Therefore, I would like to put on the record some questions, namely, how will the two laws, Bill C-2 when it is proclaimed, and the existing Canadian Environmental Assessment Act, plus the current Bill C-9, which is in the process of being referred to committee, integrate? How will they come together? Will they be implemented in the same way, as I hope they will? Are the two laws reinforcing each other? Are the interpretations of each of the definitions in clause 2 of the bill the same? In other words, are they going to be applied in the same manner?

For instance, will the words “significant impact” be interpreted in the same manner in both laws once they become operative? For instance, will “mitigative measures” have the same significance in both laws? Will the word “assessment” have the same definition? Will the word “environment” have the same definition? Will the word “project” also be defined in the same manner? I do find some comfort and assurance in clauses 63 and 64. At this stage one can only raise these as potential questions for examination in committee and leave it at that, because I am sure that after all these consultations the bill will be examined very thoroughly.

My task is coming to an end. I will conclude by quoting a letter I received from the Yukon Conservation Society today in which the text, signed by executive director Christine Cleghorn, reads as follows:

Since the signing of the Umbrella Final Agreement (UFA) in 1993, the Yukon Conservation Society has participated in and followed with keen interest the development of new environmental assessment legislation for the Yukon.

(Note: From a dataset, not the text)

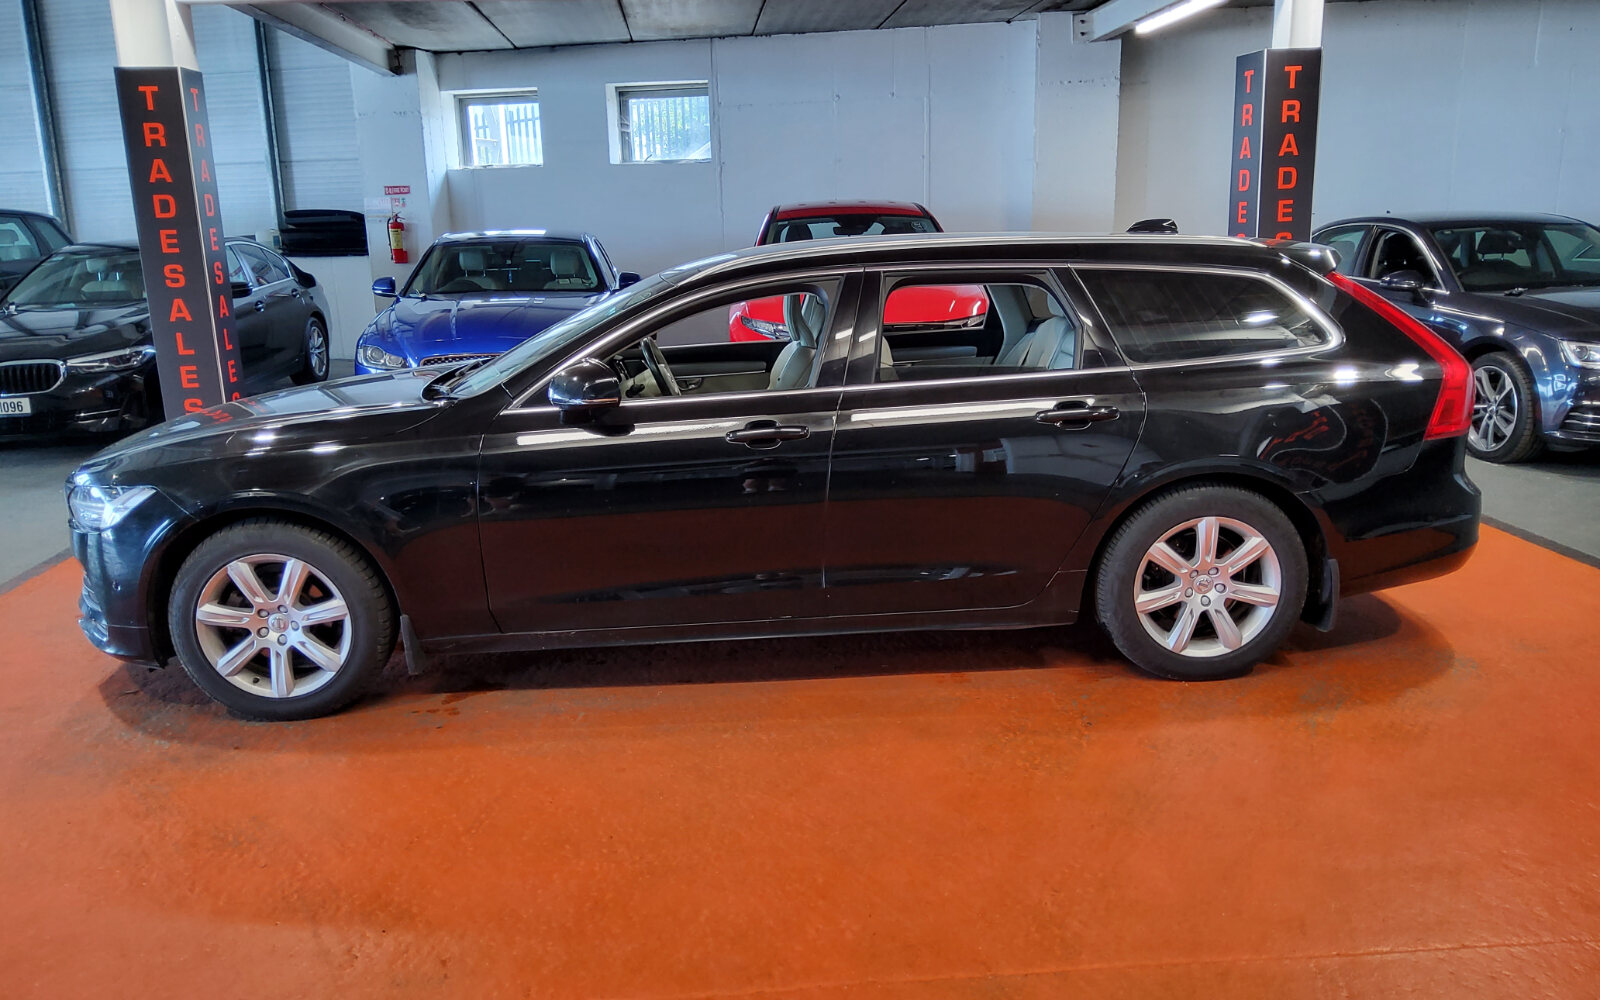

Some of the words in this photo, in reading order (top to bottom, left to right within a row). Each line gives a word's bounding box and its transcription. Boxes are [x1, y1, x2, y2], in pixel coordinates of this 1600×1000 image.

[1237, 69, 1255, 238] TRADE
[138, 85, 203, 415] TRADESALES
[0, 401, 24, 413] 096

At the present time, [the Yukon Environmental and Socio-economic Assessment Act] is scheduled for review by the Standing Committee on Aboriginal Affairs and Northern Development...Despite having undergone a second round of public review this spring, the draft legislation remains a convoluted, labyrinthine document. For a jurisdiction with only 30,000 people and environmental assessment trends indicating that over 85% of projects assessed each year are small projects, it is our view that YESEAA is unnecessarily complex to the point of absurdity. It seems that during the negotiations the original vision in Chapter 12 was lost to trying to create a piece of legislation that is basically a super version of The Canadian Environmental Assessment Act.

We believe it would be beneficial for YESEAA to be heard by both of the above-noted Standing Committees.

These are, namely, the aboriginal affairs committee and the environment committee. This is not possible unless the House leader approves of that approach and I do not know whether this would be very productive and very helpful.

To conclude--

Yukon Environmental and Socio-economic Assessment ActGovernment Orders

October 21st, 2002 / 5:40 p.m.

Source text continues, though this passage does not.